**What you have to do:**
Would you output all the lines below precisely as they stand, leaving each picture out?

[Spatial localization data]
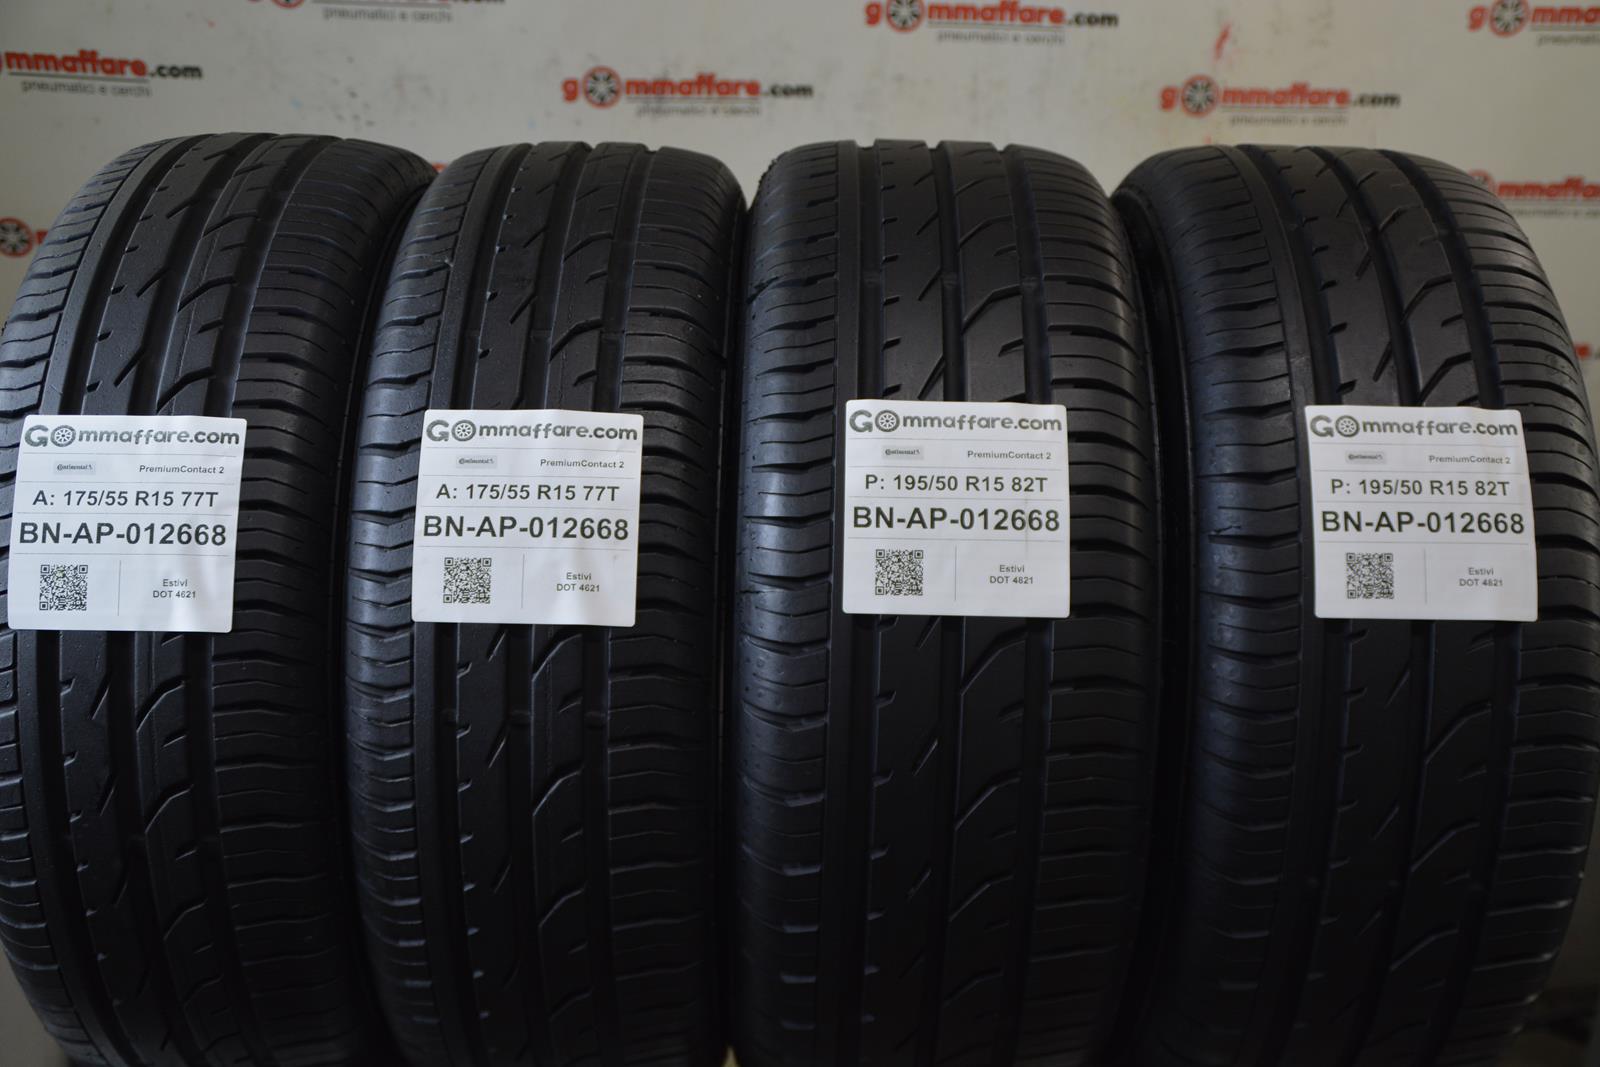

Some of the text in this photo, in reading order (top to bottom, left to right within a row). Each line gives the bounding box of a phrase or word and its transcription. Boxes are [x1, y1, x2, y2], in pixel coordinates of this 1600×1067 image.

[967, 450, 1052, 460] PremiumContact 2
[1429, 455, 1511, 465] PremiumContact 2
[540, 458, 625, 469] PremiumContact 2
[139, 464, 225, 474] PremiumContact 2
[865, 474, 1049, 493] P: 195/50 R15 82T
[1331, 479, 1510, 497] P: 195/50 R15 82T
[436, 484, 620, 502] A: 175/55 R15 77T
[33, 490, 219, 507] A: 175/55 R15 77T
[853, 506, 1060, 532] BN-AP-012668
[1321, 511, 1525, 535] BN-AP-012668
[423, 515, 629, 541] BN-AP-012668
[19, 522, 227, 547] BN-AP-012668
[999, 565, 1025, 573] Estivi
[1468, 567, 1494, 576] Estivi
[566, 572, 592, 581] Estivi
[989, 576, 1010, 584] DOT
[163, 578, 188, 588] Estivi
[1459, 578, 1479, 587] DOT
[556, 583, 600, 593] DOT 4621
[153, 590, 196, 599] DOT 4621
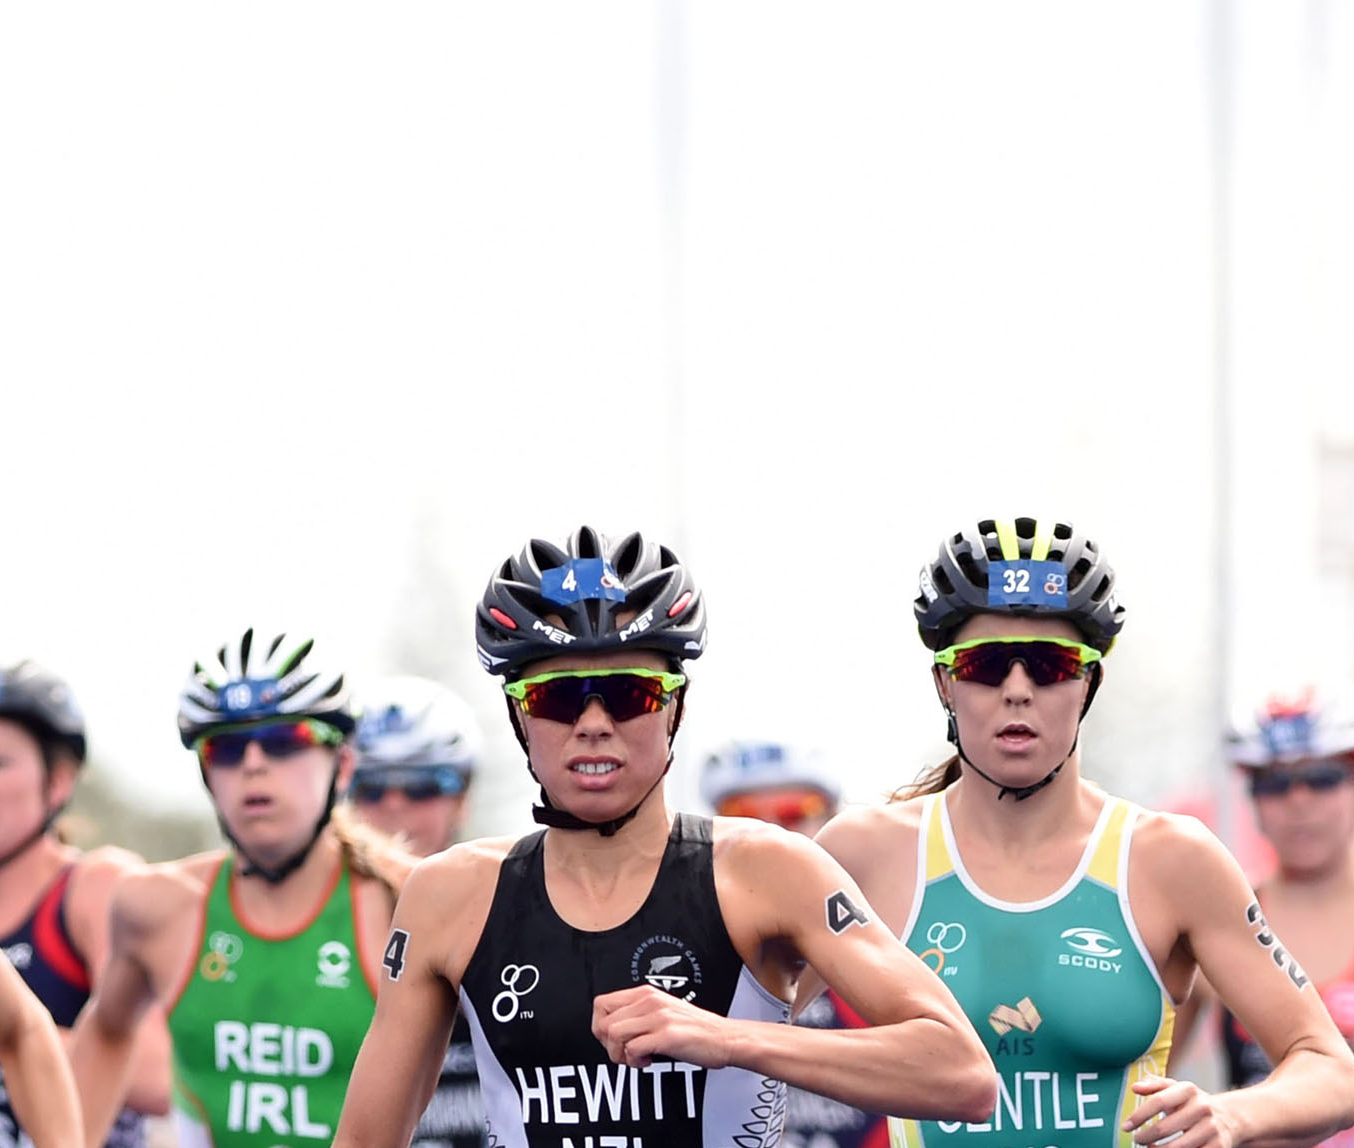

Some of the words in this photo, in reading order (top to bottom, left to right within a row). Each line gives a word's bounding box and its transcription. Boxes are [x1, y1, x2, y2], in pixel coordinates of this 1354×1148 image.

**Solution:**
Some of the text in this photo, in reading order (top to bottom, left to right within a row). Each line gives the bounding box of a phrase or word and its transcription. Boxes are [x1, y1, x2, y2], in pixel coordinates of this 1600×1067 image.

[967, 450, 1052, 460] PremiumContact 2
[1429, 455, 1511, 465] PremiumContact 2
[540, 458, 625, 469] PremiumContact 2
[139, 464, 225, 474] PremiumContact 2
[865, 474, 1049, 493] P: 195/50 R15 82T
[1331, 479, 1510, 497] P: 195/50 R15 82T
[436, 484, 620, 502] A: 175/55 R15 77T
[33, 490, 219, 507] A: 175/55 R15 77T
[853, 506, 1060, 532] BN-AP-012668
[1321, 511, 1525, 535] BN-AP-012668
[423, 515, 629, 541] BN-AP-012668
[19, 522, 227, 547] BN-AP-012668
[999, 565, 1025, 573] Estivi
[1468, 567, 1494, 576] Estivi
[566, 572, 592, 581] Estivi
[989, 576, 1010, 584] DOT
[163, 578, 188, 588] Estivi
[1459, 578, 1479, 587] DOT
[556, 583, 600, 593] DOT 4621
[153, 590, 196, 599] DOT 4621

Some of the words in this photo, in reading order (top to bottom, left to right within a row). Each line gives a word's bounding box and its transcription. Boxes are [x1, y1, x2, y2], in pixel coordinates of this 1354×1148 image.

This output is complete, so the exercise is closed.